Wise v. Cobb

100 So. 189 | Miss. | 1924

Ethridge, J.,

delivered the opinion of the court.

The appellees, Cobb and Fitzgerald, sued R. M. Wise and W. B. Wise, as partners, alleging the assignment of certain accounts by the Wise brothers to the plaintiffs and the guaranty that said accounts were true and correct, and averring that certain items were untrue and incorrect. The instrument relied on as a guaranty reads as follows:

“For value received, I hereby transfer and assign to Cobb and Fitzgerald, Jonestown, Mississippi the above listed accounts showing, the amounts due on this date opposite name of debtor and I guarantee the said accounts to be true and correct. Clarksdale, Mississippi, June 29th, 1917.

‘£ [ Signed] W. B, Wise. ’ ’

There was a denial of the partnership under oath by R. M. Wise. There was also an affidavit denying the indebtedness to the plaintiffs and denying the correctness of the account sued upon; also a plea of the general issue and a plea of the statute of limitation, and a plea of the statute of frauds.

It appears that R. M. Wise and W. B. Wise were formerly partners, and were engaged in business as such at Jonestown, Miss., and that they first sold to Cobb and Fitzgerald their lands, stock of goods, and storehouse in the month of December, 1916. At the time of this purchase the plaintiffs, Cobb and Fitzgerald, would not buy the book accounts and other partnership securities. There was no proof that a partnership existed between R. M. Wise and W. B. Wise on June 29, 1917, at which date the above assignment was executed by W. B. Wise. There is proof in the record by R. M. Wise that the partnership was dissolved after the sale of the storehouse and goods to the plaintiffs and that in January, *6791917, for a nominal consideration R. M. Wise sold to W. B. Wise his interest in said accounts. There was other proof tending to show that W. B. Wise conducted some kind of business and that goods were sold to him as an individual. There was some proof in the record that one of the members of the plaintiffs’ firm had some conversation with R. M. Wise in reference to the accounts but no statement as to a partnership existing at the time, nor was any contract made with R. M. Wise. The entire dealings were between W. B. Wise and Cobb & Fitzgerald in so far as the assignments and notes were concerned. W. B. Wise did not testify as a witness in the case.

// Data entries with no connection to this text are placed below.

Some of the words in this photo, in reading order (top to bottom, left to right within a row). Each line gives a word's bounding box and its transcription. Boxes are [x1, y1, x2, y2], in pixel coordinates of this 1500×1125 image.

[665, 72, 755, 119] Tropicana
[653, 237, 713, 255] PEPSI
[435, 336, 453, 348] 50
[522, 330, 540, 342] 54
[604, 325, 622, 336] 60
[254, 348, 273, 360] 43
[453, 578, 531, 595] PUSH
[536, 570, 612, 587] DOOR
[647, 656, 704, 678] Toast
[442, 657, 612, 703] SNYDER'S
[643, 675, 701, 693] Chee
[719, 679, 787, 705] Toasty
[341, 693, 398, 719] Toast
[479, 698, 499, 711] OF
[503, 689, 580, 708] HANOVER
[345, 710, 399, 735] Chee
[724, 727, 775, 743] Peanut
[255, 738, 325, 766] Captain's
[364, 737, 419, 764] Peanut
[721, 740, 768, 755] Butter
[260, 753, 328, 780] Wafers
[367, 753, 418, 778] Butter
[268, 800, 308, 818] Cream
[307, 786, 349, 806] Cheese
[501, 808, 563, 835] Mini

At the conclusion of the evidence the defendant R. M. Wise, moved the court to exclude the evidence and to grant a peremptory instruction as to R. M. Wise because the evidence does not show or connect R. M. Wise with the subject-matter of the lawsuit, nor that he is in any manner liable to the plaintiffs; and, second, that the suit was brought against R. M. Wise and W. B. Wise as a suit on a joint obligation, and the evidence shows it is not an obligation of both partners, but the several obligations of W. B. Wise, and that there is no written evidence of liability or promise of R. M. Wise or any promise on the part of either defendant as to the three hundred three dollars and-fifteen cents item, and that it comes within the statute of frauds; third, that all of the items sued for are shown to be on an oral contract or account, and that the statutes of limitation have run against all of such items; fourth, that it is shown that there is no partnership in existence at the time of making the agreement sued on, or any of them, and therefore no partnership agreement shown, and if there is any liability it would be against W. B. Wise, and not the defendants jointly. _ '

_ The court granted the plaintiffs a charge to the jury that they should find against W. B. Wise in the sum of three hundred eighty-five dollars and eighty-six cents, *680as he signed the agreement of guaranty, and the amount of the contract is undisputed, and, further, that they should find for the plaintiff against R. M. Wise if they believe that in signing the guaranty W. B. Wise was acting both for himself and R. M. Wise, and further instructed the jury that, if they believe from a preponderance of the evidence that there had been such a firm as Wise Bros., composed of R. M. Wise and W. B. Wise, and W. B. Wise had been acting as the agent for this firm in the transaction of its business, and that plaintiffs knew this, and that at the time of the purchase of the accounts plaintiffs relied on this practice, and believed that W. B. Wise was so acting, and believed that he was dealing with the firm of Wise Bros., and had received no notice that "this firm was dissolved, then R. M. Wise is estopped to deny that he is not liable on the guaranty, and is estopped to deny that W. B. Wise was his agent in the transaction.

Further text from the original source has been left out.